▶ EXERCISE
An exact copy of every record below is needed, with all pictures removed.

▶ INFORMATION
------
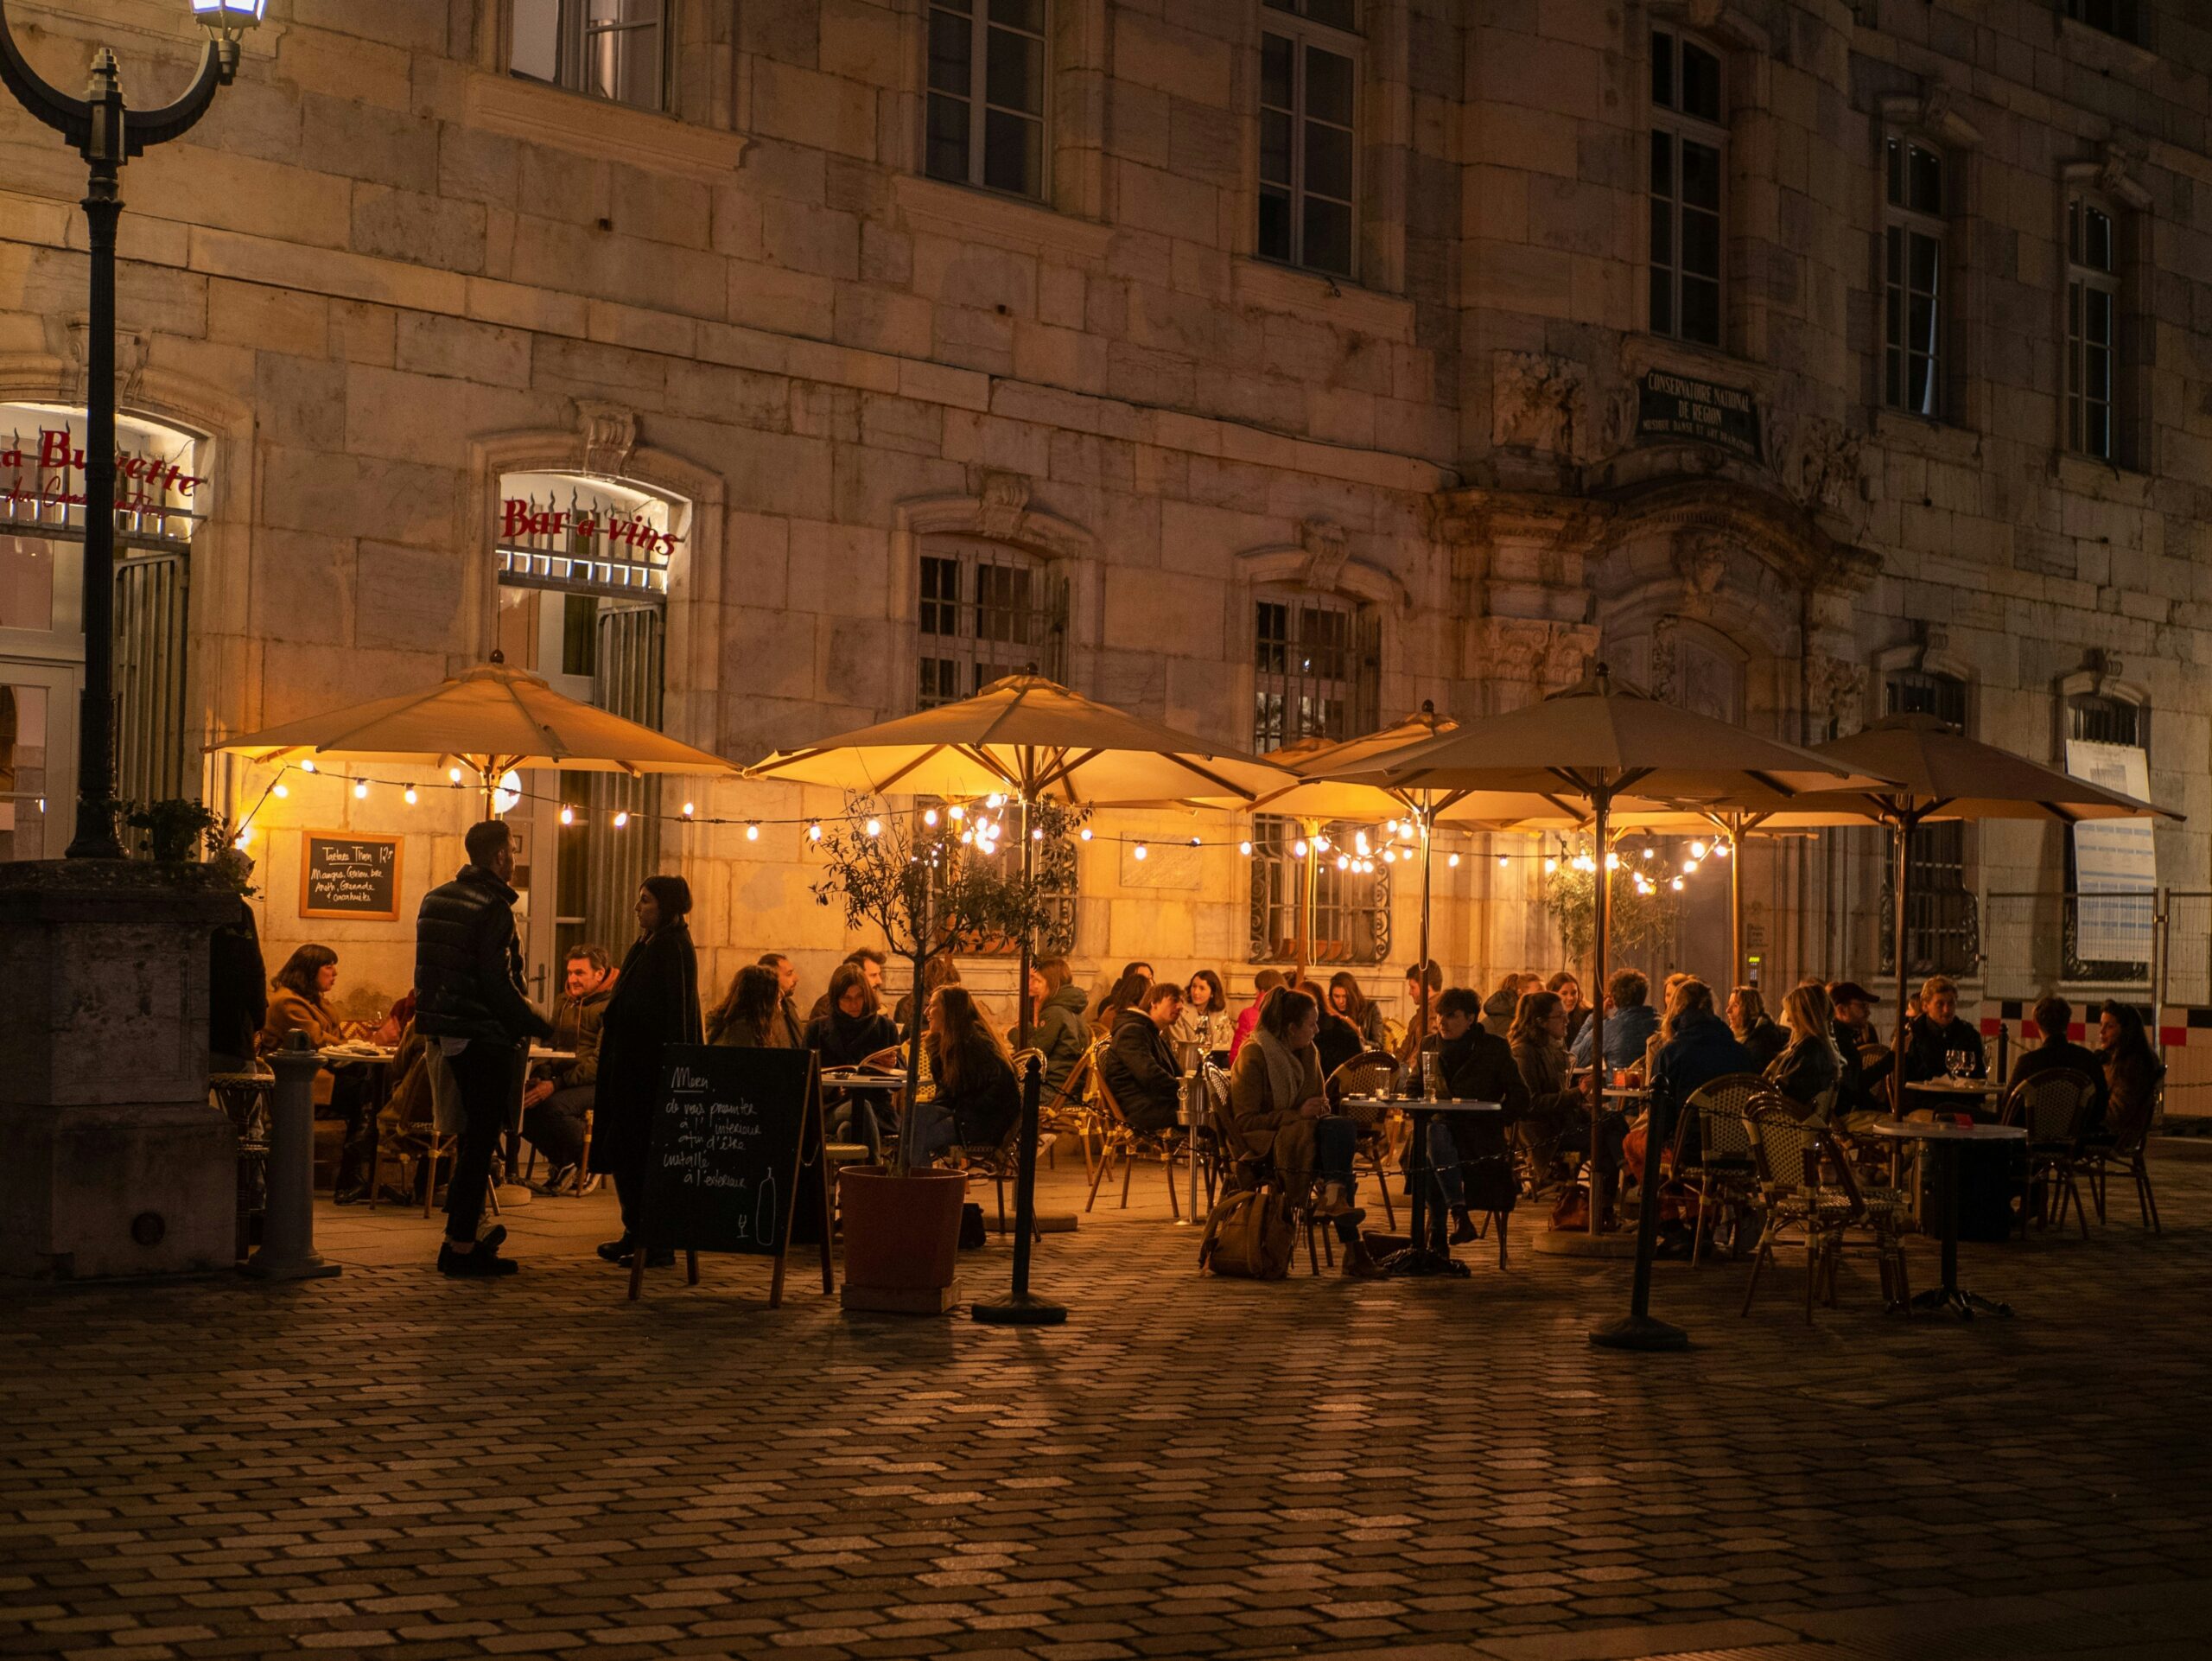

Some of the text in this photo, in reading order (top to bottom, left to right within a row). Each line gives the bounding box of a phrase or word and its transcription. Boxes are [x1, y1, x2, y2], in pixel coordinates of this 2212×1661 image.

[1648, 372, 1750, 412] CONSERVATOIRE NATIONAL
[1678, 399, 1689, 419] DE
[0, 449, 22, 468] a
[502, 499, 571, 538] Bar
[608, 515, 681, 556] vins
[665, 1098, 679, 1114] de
------
▶ SOLUTION BELOW
Some of the text in this photo, in reading order (top to bottom, left to right within a row). Each line gives the bounding box of a phrase or word and its transcription. Boxes are [x1, y1, x2, y2], in pixel coordinates of this 2212×1661 image.

[1648, 372, 1750, 412] CONSERVATOIRE NATIONAL
[1678, 399, 1689, 419] DE
[0, 449, 22, 468] a
[502, 499, 571, 538] Bar
[608, 515, 681, 556] vins
[665, 1098, 679, 1114] de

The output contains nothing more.